Thursday, 14 January 2016

Cloth Simulation Update

Some of the issues I found with the system since my last post:
  • I assumed that all constraints had the same rest length, now it takes into account shear and linear constraint lengths.
  • I only accounted for X,Y properties of each point which caused points to act strangely when close to each other, I have changed it to work in 3D. Although the view only looks 2D.
 Here's the result:



Tuesday, 12 January 2016

Project 2: Cloth Simulation

Cloth simulation using opengl and c#.

My previous project was about learning the graphics api opengl (lighting/models/projections/shaders) and I feel like if I wanted to carry it on I would have to start again from scratch using things I learned the first time around.
Instead I am focusing on some other concepts which have been on my bucket list for a while now, cloth simulations.
In the beginning there were lines and dots.
My first task was how to effectively render a "cloth" matrix (?) so that I could visually see the system, this is actually quite a challenge when opengl is focused on 3d not 2d.

I set up the model-view-projection matrix using an Orthographic Projection.
Then since the original coordinate system goes (0, +Y, 0) up the screen, (+X, 0, 0) along the screen it was not intuitive to debug so I applied a scale of (0, -1, 0) and a translation, because (0, 0, 0) is the center of the screen in opengl, to transform it into Cartesian coordinates.
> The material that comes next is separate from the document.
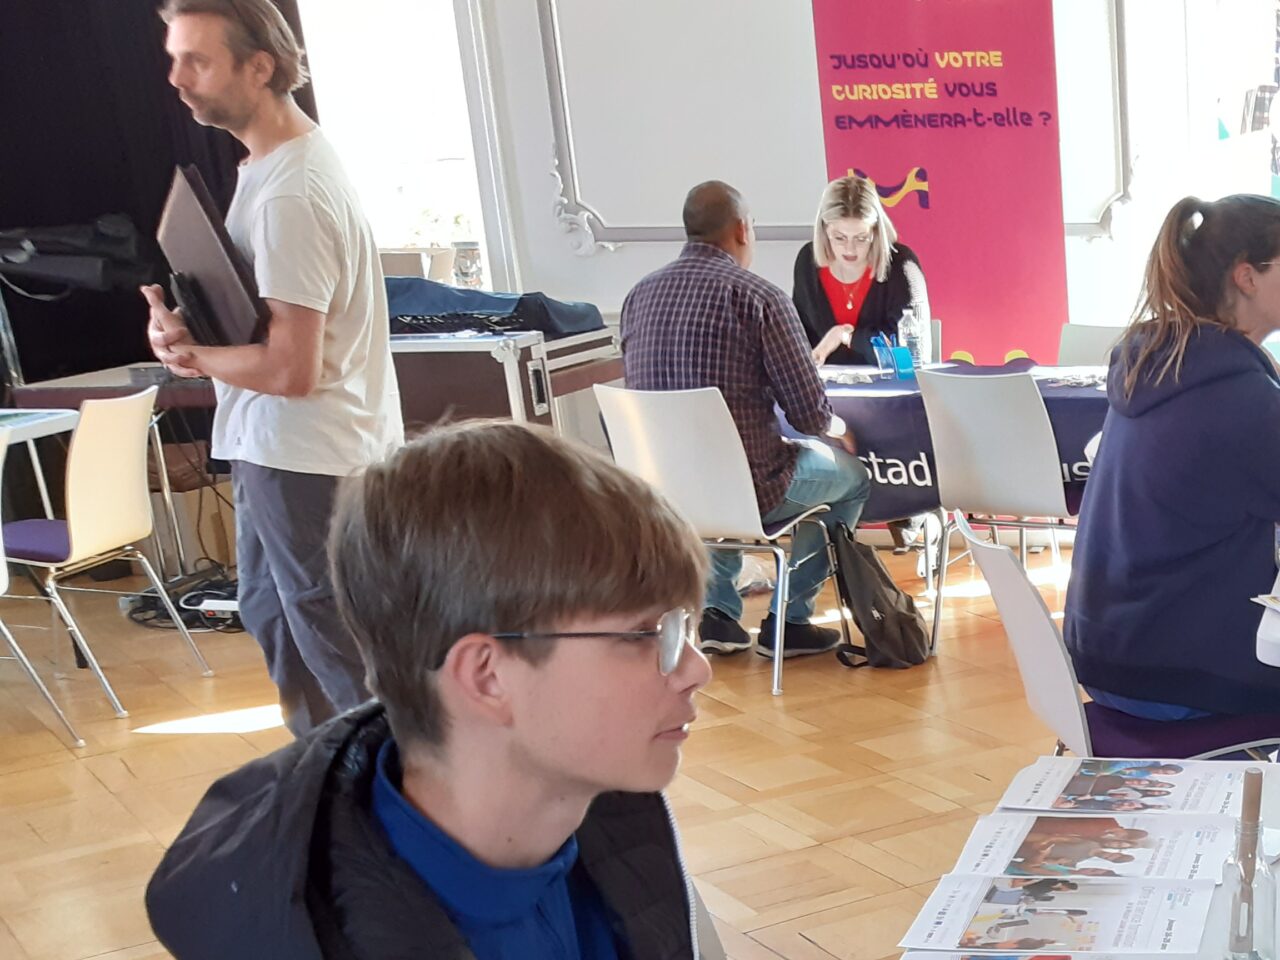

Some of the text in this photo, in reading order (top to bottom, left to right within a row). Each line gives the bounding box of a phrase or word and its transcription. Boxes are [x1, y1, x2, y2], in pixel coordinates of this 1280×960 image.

[830, 48, 1003, 70] JUSQU'OÙ VOTRE
[832, 78, 998, 101] CURIOSITÉ VOUS
[859, 451, 932, 486] stad
Ok... so now I can draw some dots and lines in the right place.

My next task was figuring out the formulas that I needed to use to calculate the forces acting on each dot and how they would interact with each other.
There is A LOT of information on the internet about cloth simulations so if you're looking for an in-depth overview of it look elsewhere. Personally I started with this useful snippet of a paper which can be found here [1]. 
After a while there came physics.
I knew that cloths can be simulated as a set of point masses connected by springs, thankfully forces on springs are fairly simple to calculate (shown above).
So I set up my system where each point mass knows about it's neighbors (similar to the game of life) information and made sure all the calculations happen in the right order.

The most frustrating part about this ordeal was the coefficients, since my system isn't "real" what should Ks and Kd be? In the end I just plugged in several different values and went with the ones which looked the most realistic (still not finished with that bit).
This was a huge step because if the damping isn't perfect then the points oscillate out of control (practically undamped) or just stay still (overdamped), damping.

The top left and right points are "pinned" so the force the exert on their neighbors is proportional to the distance between them and some large constant X. Still not sure about this one.

Anyway here is my current product, there is still a lot to do with shear and linear springs (I think?), making the forces propagate across the system nicely, lighting and filling in the lines.



It was fun to see the points fly wildly about dragging other points with it on it's quest for freedom. Maybe I should implement spring breaking sometime...


Saturday, 9 January 2016

Sketchy physics simulations.

Today I attempted to wrap my head around portals...




In my simulation, when the spheres reach the bottom of the tube, they are teleported to the right hand surface of the cylinder. Maintaining speed but changing the sphere's direction.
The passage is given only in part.